En una de las diapositivas que ilustraban este asunto, aparecieron dos citas derivadas de una exposición del Papa Juan Pablo II en un congreso, organizado por el Vaticano, para la discusión de la encíclica Evangelium Vitae y una serie de temas afines a ella. Me llamó poderosamente la atención una de esas citas, referida a la visión ética de la Iglesia respecto a la producción de embriones humanos por métodos industriales, de la que extractaré lo siguiente:
[la regulación ética de la actividad científica] «es una conquista de la civilización del Derecho».
No parece haber nada nuevo, ni tremendo, en estas palabras. Sin embargo, hay que hacer notar una cosa: en el año 380 d.C., Teodosio, Emperador de Roma, declaró al cristianismo la religión oficial del Imperio.
Hay fundamento suficiente como para asegurar que las bases fundamentales del Derecho, como lo conocemos hoy en la civilización occidental, tuvo su origen en los códices de la Lex romana, algún tiempo antes que Jesucristo hiciera su aparición en el mundo en su famoso establo, rodeado de animales y algo de bosta. Pero para efectos de este análisis, el nacimiento de Jesús no es más que un dato referencial desde el punto de vista histórico: lo importante es, de hecho, que el Derecho, en tanto disciplina que tiene por objeto generar un acuerdo social en torno a la dinámica de interacciones que se presentan en la sociedad, o bien, imponerlo según criterios de bien común (u otros bienes de corte más individual, en ciertos casos ilustres de la historia).
Volvamos a Teodosio. En el siglo IV d.C., este hombre de buen corazón hizo al Cristianismo la religión oficial de lo que quedaba del Imperio Romano. La fe cristiana había sido intensamente perseguida por el Imperio en tiempos de Jesús y sus apóstoles, y en ese sentido la proscripción y la clandestinidad se habían convertido en elementos identitarios de quienes profesaban el Pater Nostrum. Ya en tiempos de Constantino, empero, se manifestaba cierta inclinación a la tolerancia. Sin embargo, la adopción oficial del credo cristiano en el Imperio consolidó la institucionalización del Cristianismo como Iglesia con pretensiones de universalidad. Recordemos que le había sido encomendado a Pedro llevar la fe a Roma, y en el intento, el apóstol terminó crucificado cabeza abajo. La conjunción de estos factores, entonces, nos llevan al punto en la historia en que el Cristianismo-Iglesia adquiere mayor relevancia que la propia fe. La Iglesia asume, por mandato divino (del que no hay registro documental alguno), el protectorado de Europa –germen de la sociedad occidental moderna–, y en este sentido, también asume el control político y económico de la región. Dado el devenir histórico de la componente sociocultural europea, es evidente que, dada la influencia romana en los distintos pueblos que fueron conquistados por el Imperio, y considerando la influencia de la Iglesia y su insistente ánimo evangelizador con casa central en Roma, el origen de las estructuras sociales se encuentra impregnado de estos elementos, y por ende, la mecánica que moviliza los engranajes sociales, culturales, políticos y económicos de la Europa medieval y post-medieval también lo están.

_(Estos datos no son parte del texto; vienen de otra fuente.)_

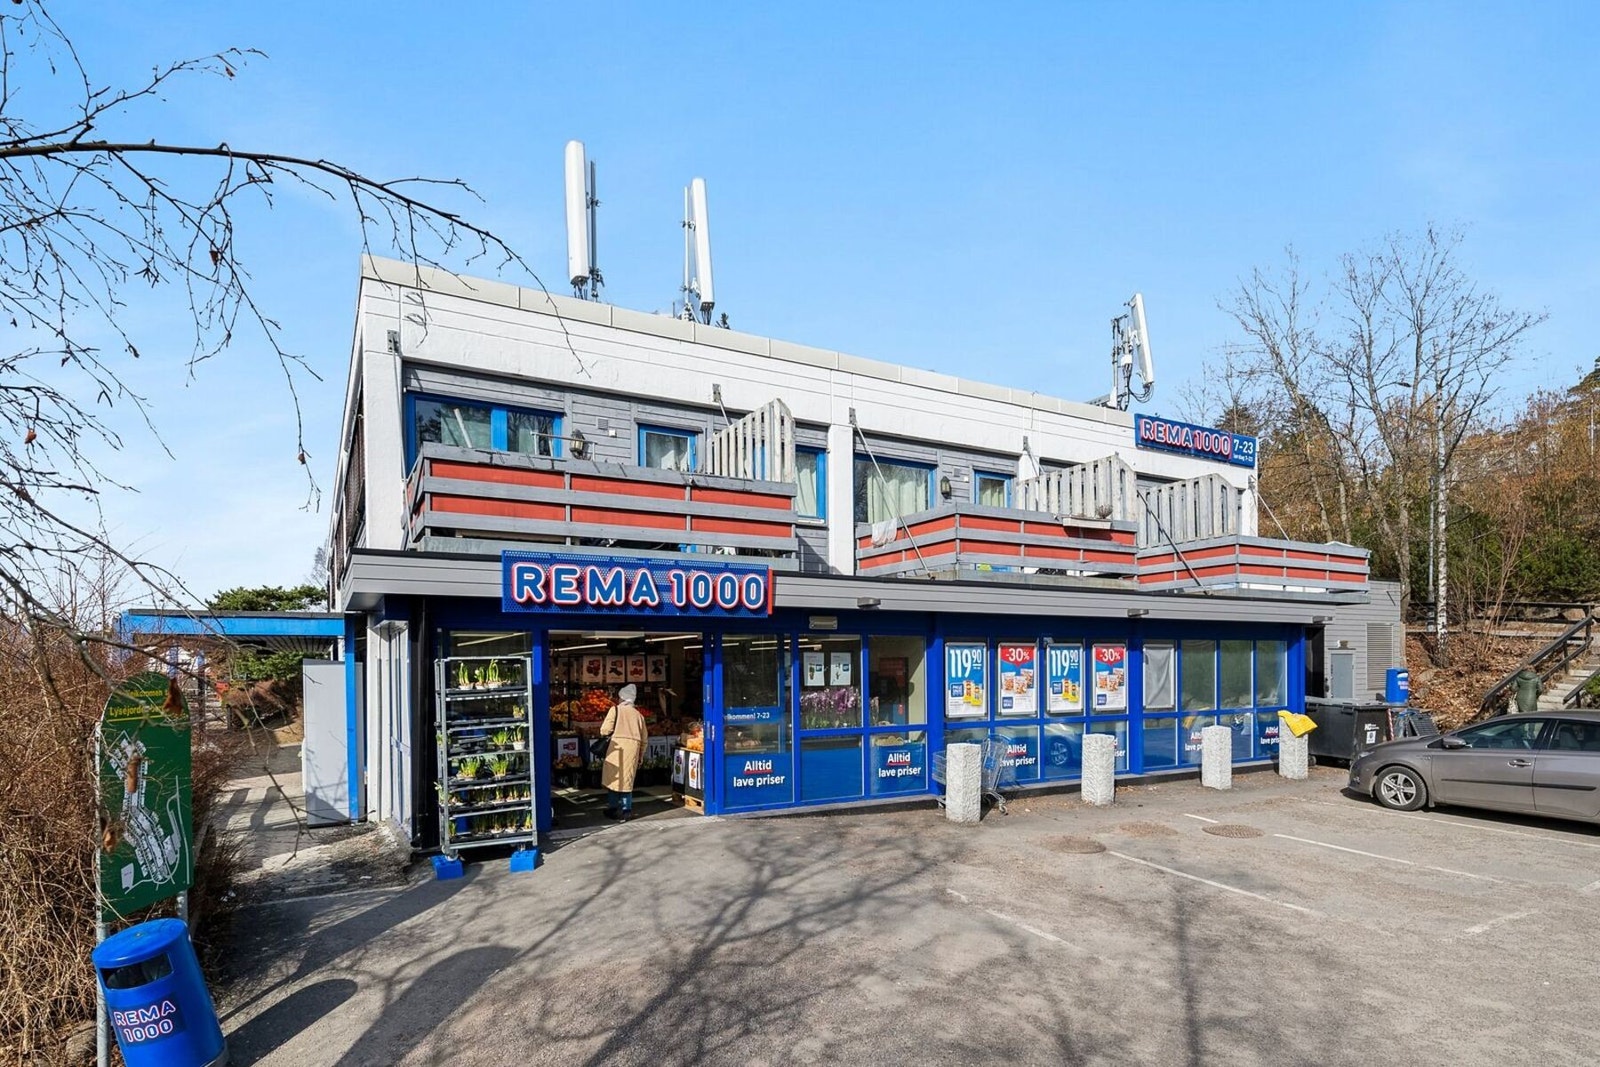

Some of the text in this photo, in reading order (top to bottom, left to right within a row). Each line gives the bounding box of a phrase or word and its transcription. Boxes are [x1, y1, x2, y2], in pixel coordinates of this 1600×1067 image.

No he dicho nada nuevo hasta ahora. Sin embargo, los antecedentes que he expuesto –muy vagamente– son la base de una hipótesis que no cuesta demasiado comprobar: la Iglesia, en su calidad de institución transversal al origen de la sociedad europea, ha tendido, en el tiempo, a adueñarse de la historia de occidente, totalizándola e en sí misma, de un modo autorreferente y egocéntrico. Los primeros atisbos de esto son identificables en las atrocidades cometidas en los monasterios medievales, lugares en los que se quemó sistemáticamente la obra de los grandes pensadores griegos y los textos científicos de la tradición árabe. No es poca cosa saber que la humanidad, actualmente, conoce menos de la mitad de la obra de Aristóteles por efectos de esta política eclesiástica. Si bien es cierto que todo es contextualizable desde el punto de vista histórico-cultural, es un hecho cierto que la Iglesia ha ejercido sistemáticamente el oscurantismo en la medida que la tecnología (o carencia de tecnología) se lo ha permitido.
Mención aparte merecen la propia época oscurantista y la actividad de la Santa Inquisición, especialmente considerando que no se limitó sólo a quemar brujas y científicos herejes durante el despertar del Renacimiento, es decir, cuando en Europa la gente empezó a pensar sin la ayuda divina de Dios. De hecho, existen registros que marcan el deceso del Tribunal a mediados del siglo XIX (!). En este sentido, la transgresión de los principios de la fe oficial se pagó caro, y obligó a que gente como Galileo fuese convencida de retractarse de sus revolucionarias observaciones, en las que demostraba que la Tierra no era el centro del universo, y que la cosa era más parecida a lo que describía Copérnico (cosa que también sería descartada tiempo después, pero era, a fin de cuentas, más verdad que la verdad eclesiástica). Tal afirmación, de un modo u otro, habría implicado que la Iglesia tampoco era el centro del universo, de manera que, en la perspectiva de los altos jerarcas vaticanos, Dios no sería más que un estafador de primera línea. El poder, entonces, era más importante (y lo sigue siendo).